I actually suspect I was once being groomed to become a part of a power couple, a role for which I am completely unsuited, which explains why I was eventually discarded. For all the pain, I should be grateful this occurred before I ended up in the middle of a horrid scene like this one.
The Viscount and Viscountess now have absolutely nothing to say to each other, caught up in their respective diversions. I have sadly noticed this in so many couples driven solely by their appetites and their ambitions, unable to carry on an intimate conversation once they've finished playing their public roles. It would seem there have always been yuppies in this world.
The husband looks terribly tired and bored, as the dog has discovered a woman's nightcap in his pocket. His sword lies on the floor, broken, which may be telling us something about the quality of his recent performance on the town.

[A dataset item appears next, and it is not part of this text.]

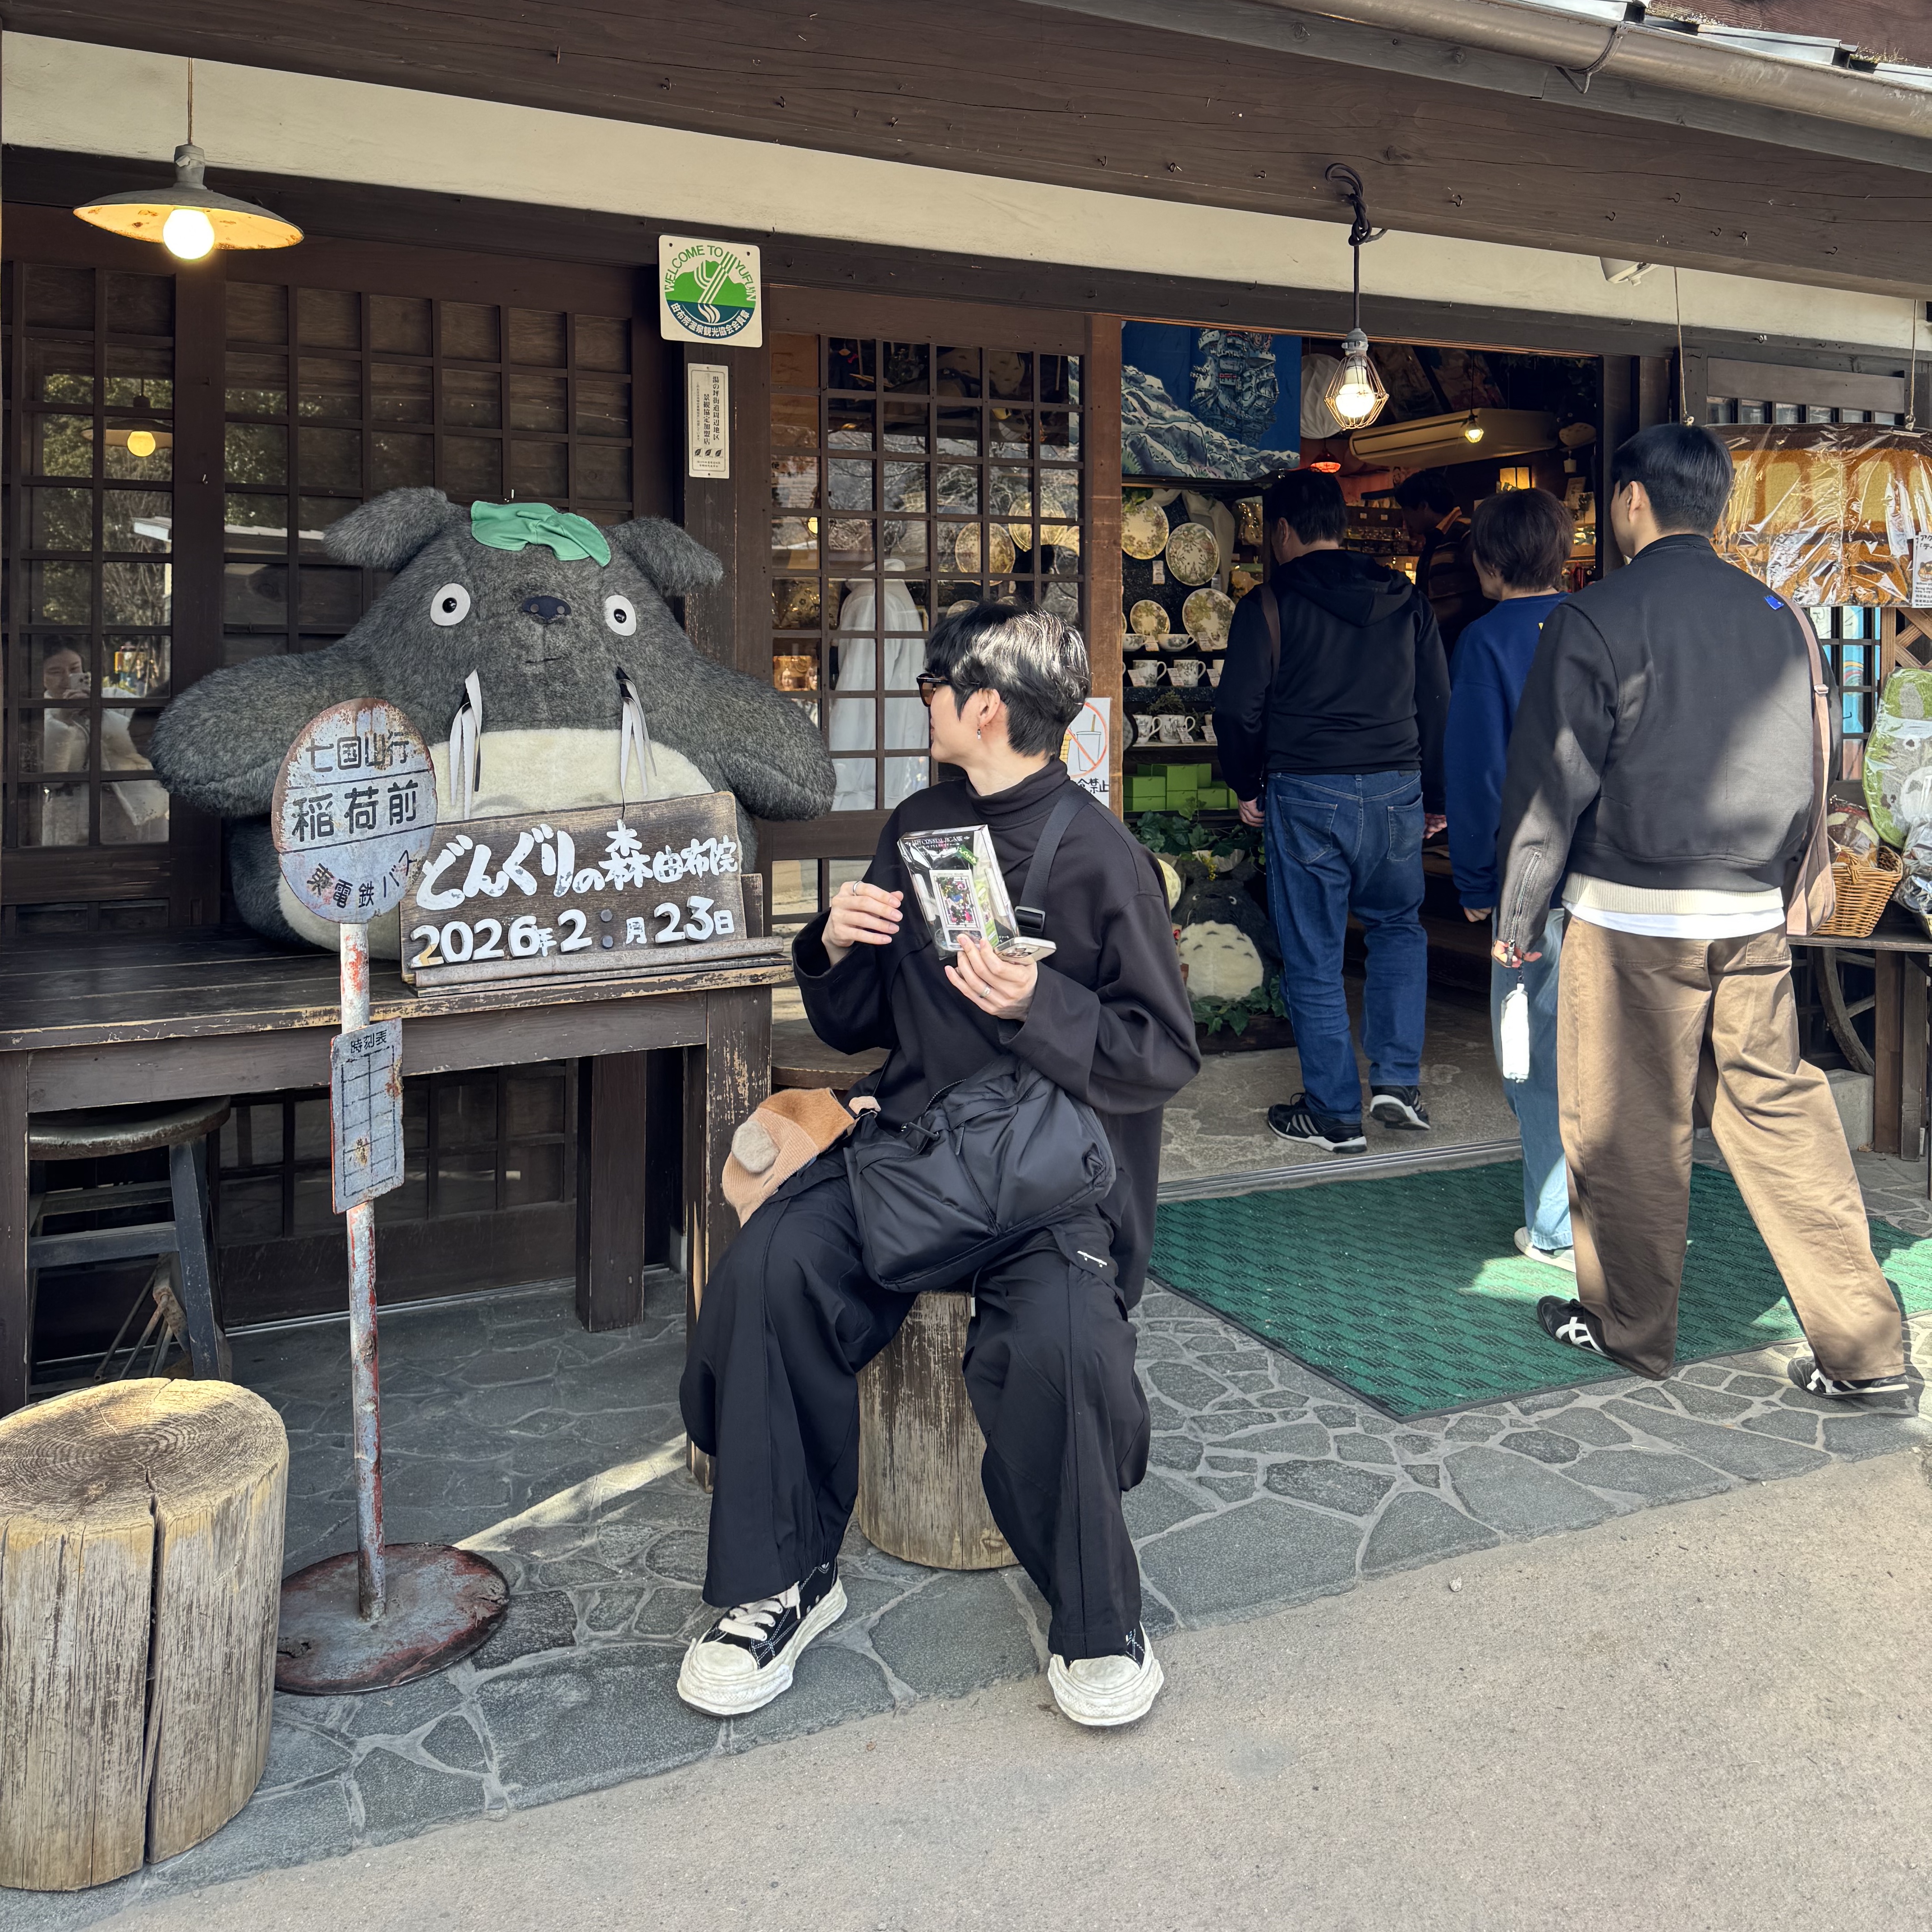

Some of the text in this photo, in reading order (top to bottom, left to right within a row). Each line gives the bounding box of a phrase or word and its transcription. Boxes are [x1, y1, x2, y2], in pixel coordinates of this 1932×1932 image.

The wife smirks and stretches suggestively, having apparently spent the night playing cards—but with whom? It had to be pointed out to me that she may be using a pocket mirror to signal someone out of our view. Good manners keep me from speculating about the stain on her skirt.
A servant yawns in the background, while another raises his eyes to heaven in disapproval. The one receipt stands in contrast to the stack of bills, indicating that the apple hasn't fallen far from the tree.
The clock reads 12:20. Whether it is the middle of the day or the middle of the night, the disordered state of the household reveals what we need to know about the disordered state of their souls.